Last weeks’ announcement by the government and this week’s agreement not to extend the current transition period means that the final exiting arrangements with the EU must be agreed by the end of the year or there will be a hard Brexit. In reality, in order to obtain approval to any deal by the EU and all its Member States and by the UK Parliament, an agreement probably needs to be reached by October. The general view seems to be that the timetable is too short and, despite recent political statements to the contrary, the parties too far apart for an agreement.

Failing any agreement British and EU businesses will face considerable challenges in cross border trading. In the insurance sector most but not all insurers have developed their Brexit strategies and in most cases these have been implemented or will be completed by the end of the year. UK companies have set up EU entities and then arranged for branches of those EU entities to be created in the UK. The branches have applied for and been admitted to the Temporary Permissions Regime (TPR) by the FCA and PRA.  EU insurers have also set up branches in the UK and made their application to be admitted to the TPR.

The same is true for many brokers and MGAs, both UK and EU. However, there remain many more brokers and MGAs than insurers who are not as advanced as they need to be and are not near to finalising their post-Brexit arrangements. Time is now very short.
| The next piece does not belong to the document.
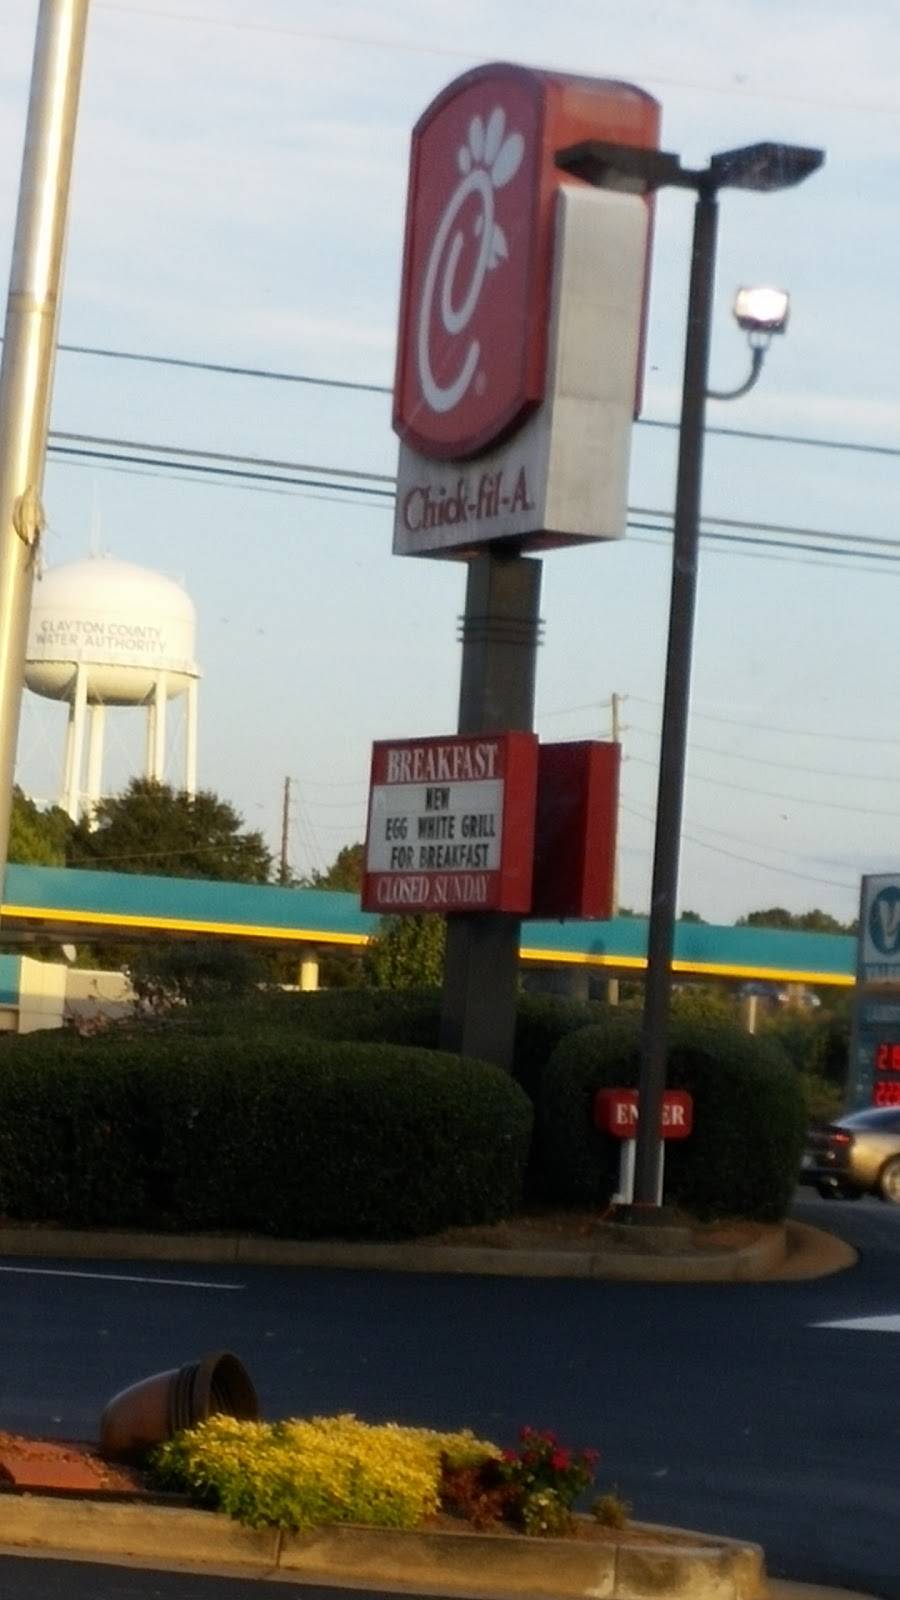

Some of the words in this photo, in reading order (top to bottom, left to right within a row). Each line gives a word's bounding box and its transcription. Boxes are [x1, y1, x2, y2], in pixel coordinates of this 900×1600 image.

The TPR is a regime set up by the PRA and FCA to reduce the possible disruption for customers and the financial markets from Brexit at a time when Brexit looked as if it was going to be a hard Brexit last year. Firms undertaking cross border business could apply for the protection under TPR which would permit them to continue cross border trading while they resolved how they were going to restructure their operating model and in the longer term continue to serve customers on a cross-border basis. That would require an application for full authorisation by the PRA and/or FCA as appropriate.

Firms applied to be accepted into the TPR and, in the event of Brexit they would be permitted to carry on trading as they had for a period of time after Brexit. It is a one-way street however. It only permits EU firms (including subsidiary or associated companies of UK firms) with EU domiciled risks, to place or underwrite them in the UK market. It does not permit UK firms to cross-border trade in the EU.

The TPR has now been extended so that it will carry on for a period of time after the current transition period expires in December this year.

What is Required?

Firms in the UK which wish to place, service or underwrite, as an insurer, broker or an MGA, EU domiciled insurance business require an EU regulated entity in order to do so. That entity is then required to have a branch in the UK which will be regulated by the appropriate UK regulator(s). It is not possible to set up a branch of the EU entity in the UK until the EU entity has been registered and is a legal entity. Additionally, theoretically it is also not possible to apply to the TPR for that branch until it is trading in the UK on a cross-border basis.

That means that even before a firm can seek the protection of the TPR a firm will need an entity in the EU which has its EU license in one of the Member States and is undertaking cross-border business in the UK. That can take some time to set up.

Once set up the UK branch needs to be established. That takes a little less time.

Only then can that UK branch apply to the PRA and/or the FCA for entry to the TPR. At present the TPR is closed to further applications though it is expected to reopen for a further window later this year. At that point firms must be ready to make their application to the PRA and/or FCA.

What Happens Next?

Admission to the TPR means that when the current transition period expires at the end of December 2020 firms in the TPR will be able to continue to trade as they have been under their cross-border arrangements for the period of the TPR. During this period their application for authorisation is dealt with by the PRA and/or FCA if it has not already been completed.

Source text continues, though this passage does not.